Records for the exercise START

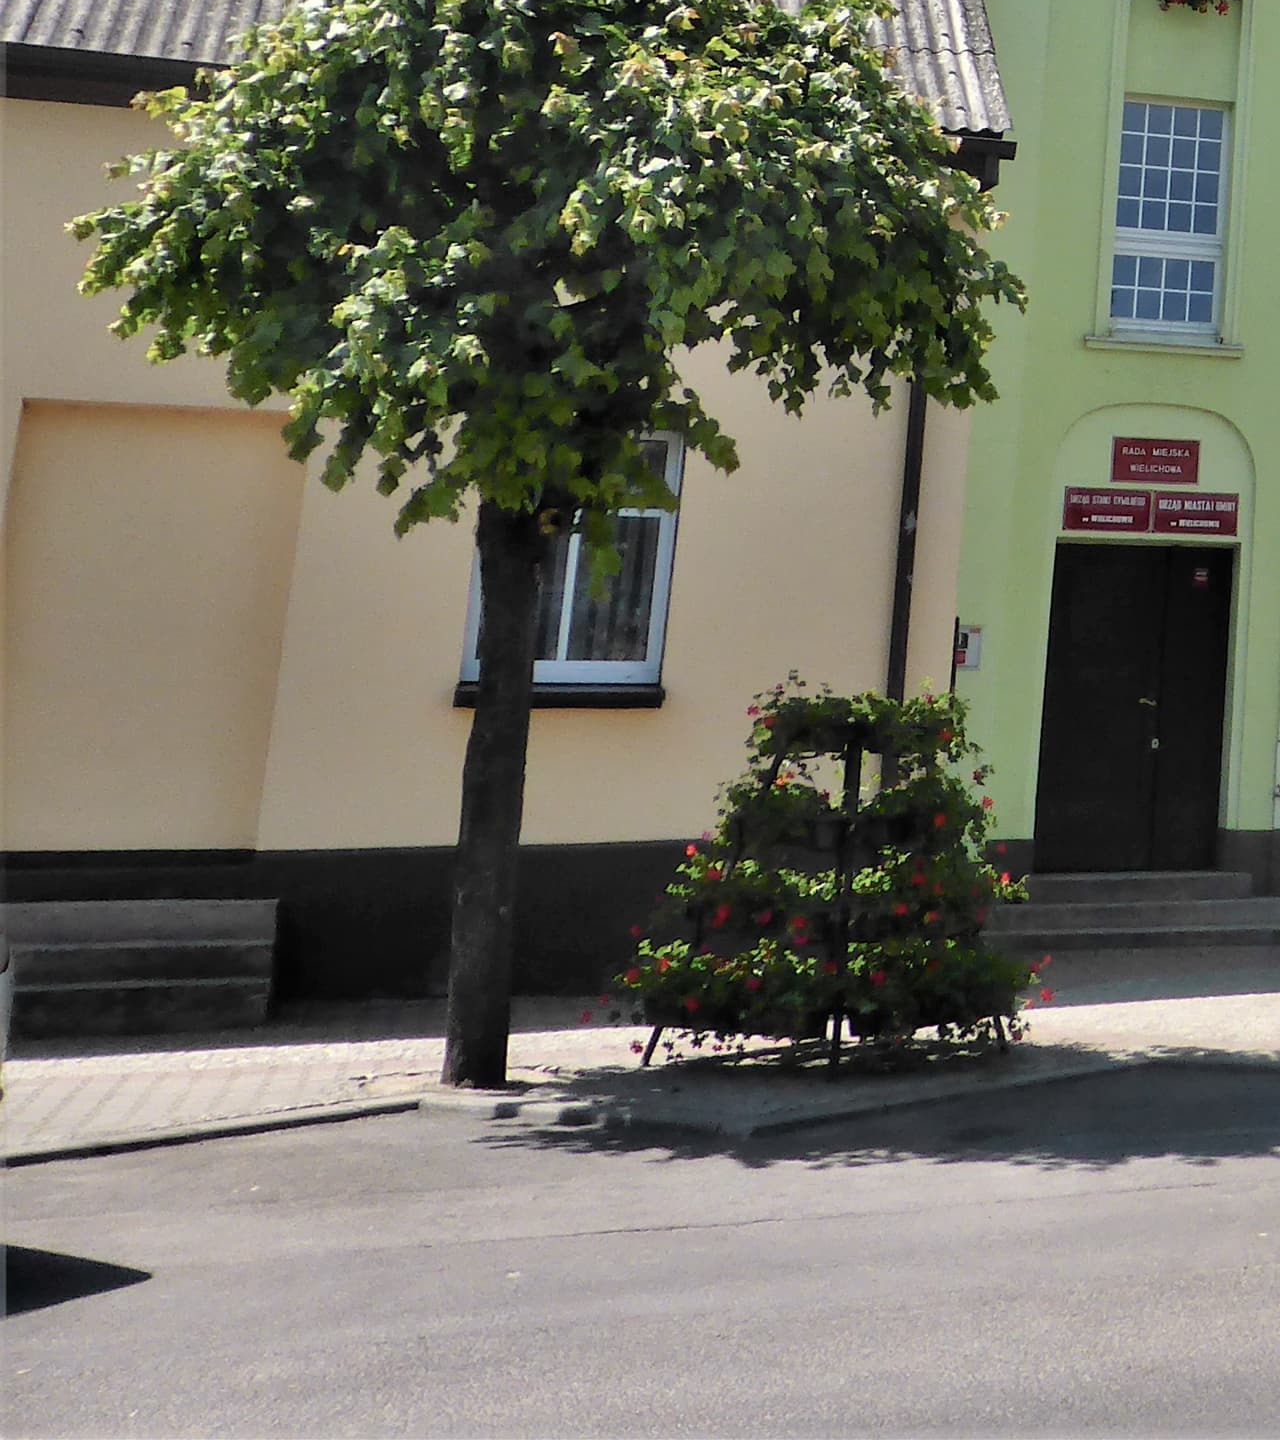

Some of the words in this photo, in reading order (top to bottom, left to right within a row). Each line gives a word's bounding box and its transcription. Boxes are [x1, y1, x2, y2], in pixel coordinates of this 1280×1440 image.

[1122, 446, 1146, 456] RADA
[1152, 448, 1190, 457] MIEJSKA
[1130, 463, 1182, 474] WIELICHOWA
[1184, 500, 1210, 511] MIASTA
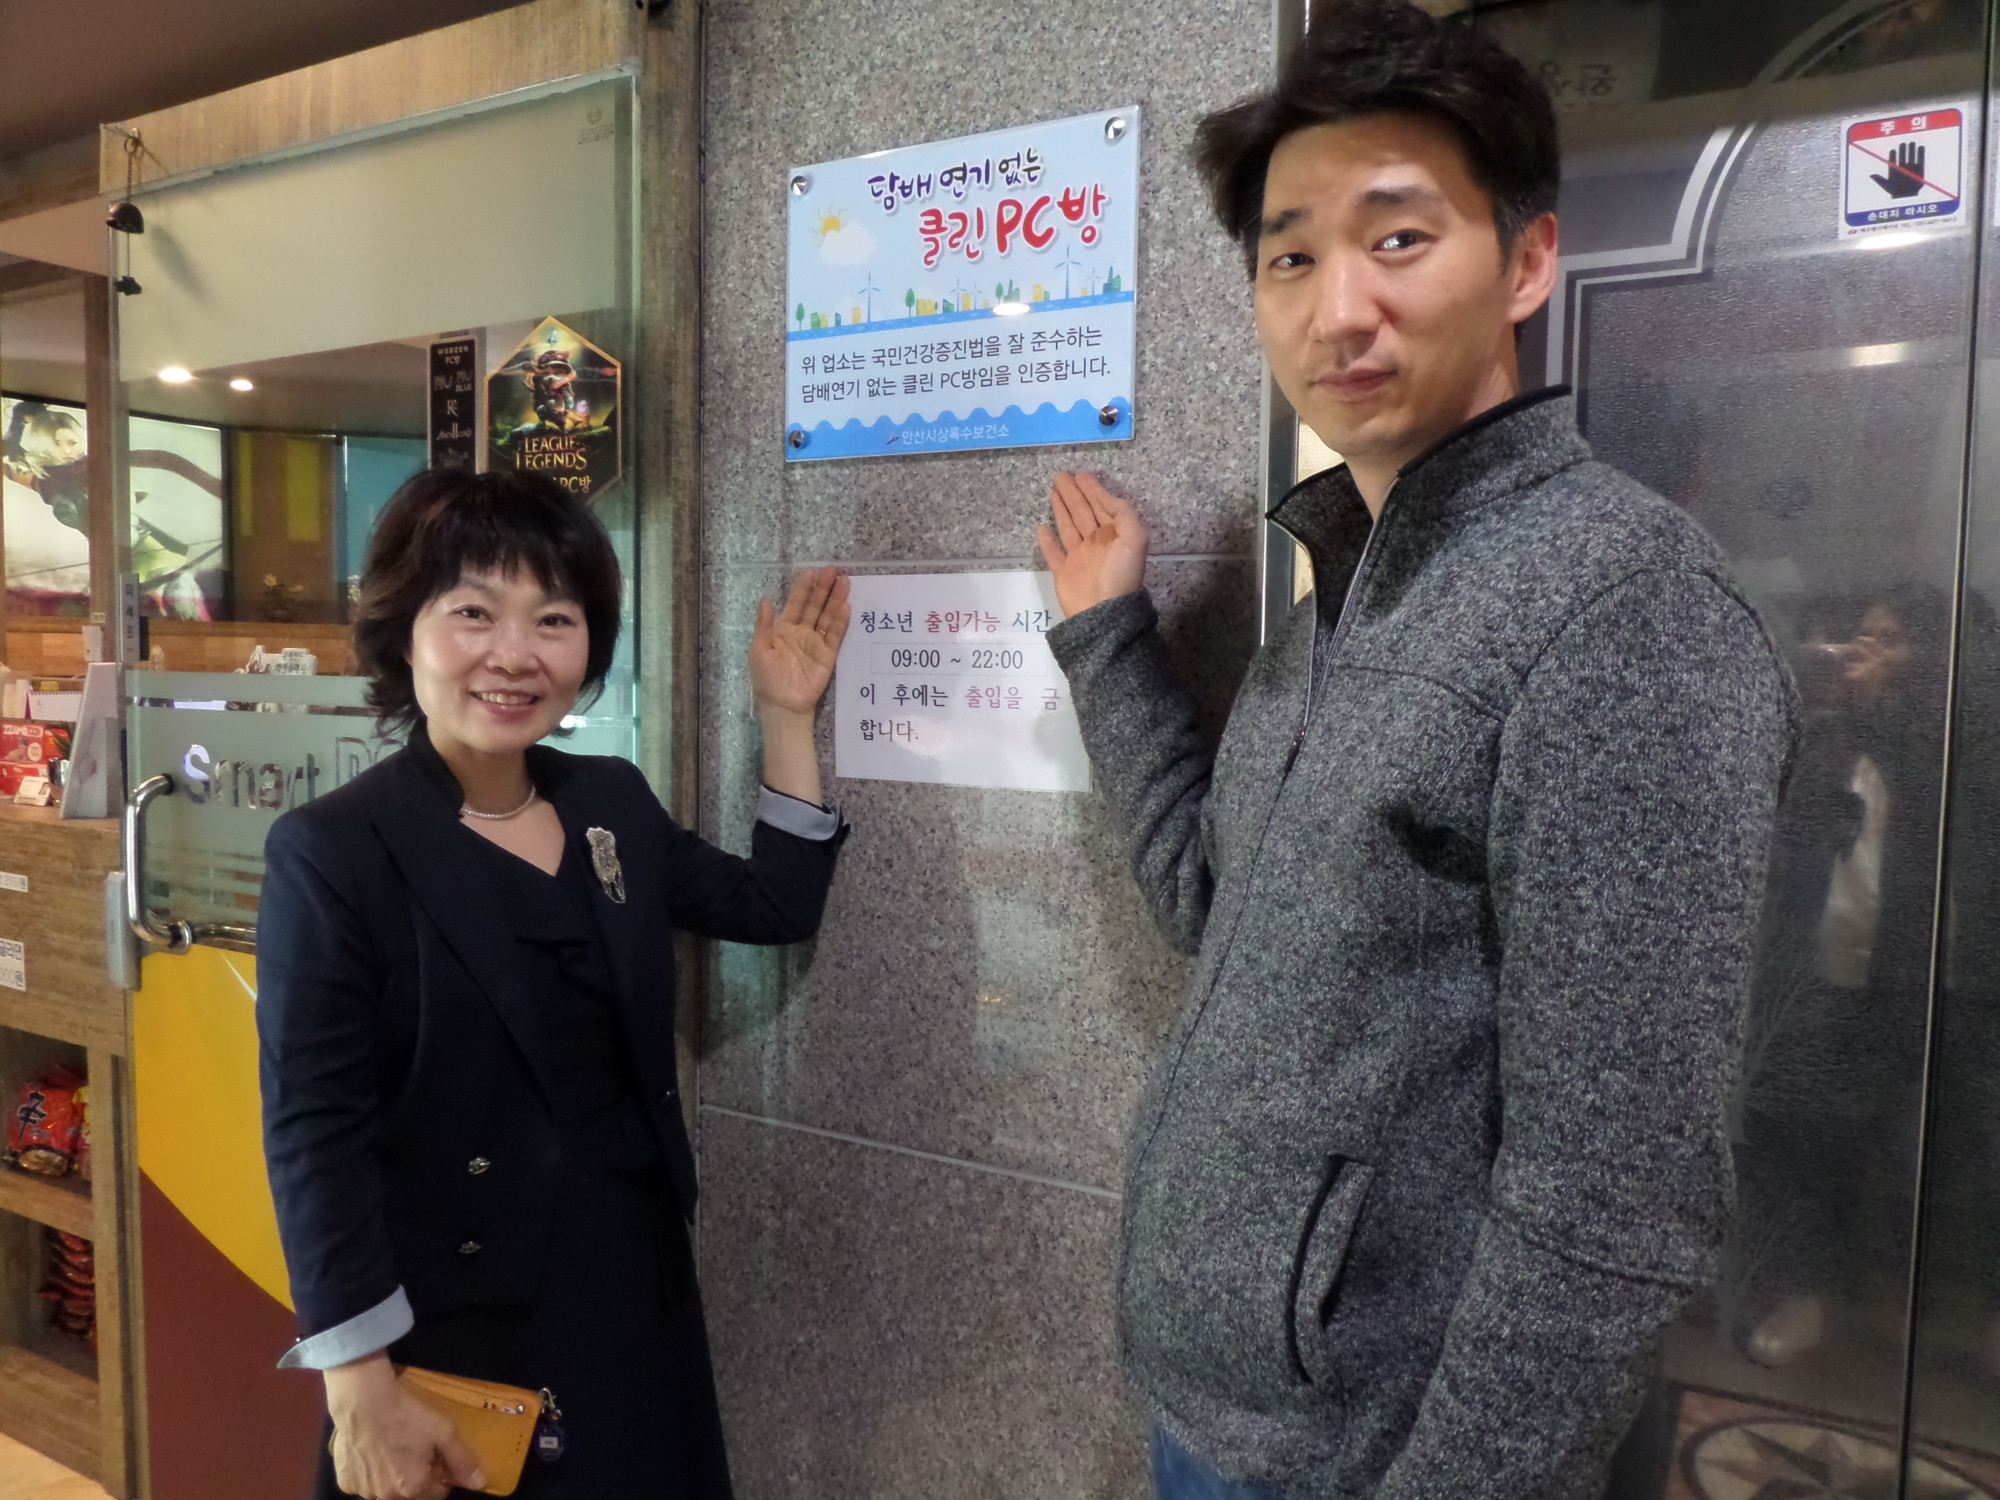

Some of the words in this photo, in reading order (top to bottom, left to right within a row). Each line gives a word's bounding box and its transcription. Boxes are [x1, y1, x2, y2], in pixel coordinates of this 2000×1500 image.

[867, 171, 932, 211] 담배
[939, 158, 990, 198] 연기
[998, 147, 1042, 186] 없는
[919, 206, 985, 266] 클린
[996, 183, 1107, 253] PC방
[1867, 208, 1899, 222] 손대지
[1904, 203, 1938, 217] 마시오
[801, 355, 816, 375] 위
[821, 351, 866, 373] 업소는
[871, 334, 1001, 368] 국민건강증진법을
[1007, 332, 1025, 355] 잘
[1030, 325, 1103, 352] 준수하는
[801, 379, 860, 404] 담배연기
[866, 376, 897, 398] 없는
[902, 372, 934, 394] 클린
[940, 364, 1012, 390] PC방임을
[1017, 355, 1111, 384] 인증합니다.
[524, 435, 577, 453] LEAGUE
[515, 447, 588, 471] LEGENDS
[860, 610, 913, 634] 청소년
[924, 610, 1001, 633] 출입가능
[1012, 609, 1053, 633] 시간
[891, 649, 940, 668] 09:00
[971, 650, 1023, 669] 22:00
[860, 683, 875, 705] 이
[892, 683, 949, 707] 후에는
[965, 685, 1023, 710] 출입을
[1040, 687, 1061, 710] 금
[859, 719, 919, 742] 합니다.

Records for the exercise END

Required work
You are asked to reproduce each line above exactly, but to exclude the pictures.

Response
Some of the words in this photo, in reading order (top to bottom, left to right within a row). Each line gives a word's bounding box and its transcription. Boxes are [x1, y1, x2, y2], in pixel coordinates of this 1280×1440 image.

[1122, 446, 1146, 456] RADA
[1152, 448, 1190, 457] MIEJSKA
[1130, 463, 1182, 474] WIELICHOWA
[1184, 500, 1210, 511] MIASTA

Some of the words in this photo, in reading order (top to bottom, left to right within a row). Each line gives a word's bounding box and its transcription. Boxes are [x1, y1, x2, y2], in pixel coordinates of this 2000×1500 image.

[867, 171, 932, 211] 담배
[939, 158, 990, 198] 연기
[998, 147, 1042, 186] 없는
[919, 206, 985, 266] 클린
[996, 183, 1107, 253] PC방
[1867, 208, 1899, 222] 손대지
[1904, 203, 1938, 217] 마시오
[801, 355, 816, 375] 위
[821, 351, 866, 373] 업소는
[871, 334, 1001, 368] 국민건강증진법을
[1007, 332, 1025, 355] 잘
[1030, 325, 1103, 352] 준수하는
[801, 379, 860, 404] 담배연기
[866, 376, 897, 398] 없는
[902, 372, 934, 394] 클린
[940, 364, 1012, 390] PC방임을
[1017, 355, 1111, 384] 인증합니다.
[524, 435, 577, 453] LEAGUE
[515, 447, 588, 471] LEGENDS
[860, 610, 913, 634] 청소년
[924, 610, 1001, 633] 출입가능
[1012, 609, 1053, 633] 시간
[891, 649, 940, 668] 09:00
[971, 650, 1023, 669] 22:00
[860, 683, 875, 705] 이
[892, 683, 949, 707] 후에는
[965, 685, 1023, 710] 출입을
[1040, 687, 1061, 710] 금
[859, 719, 919, 742] 합니다.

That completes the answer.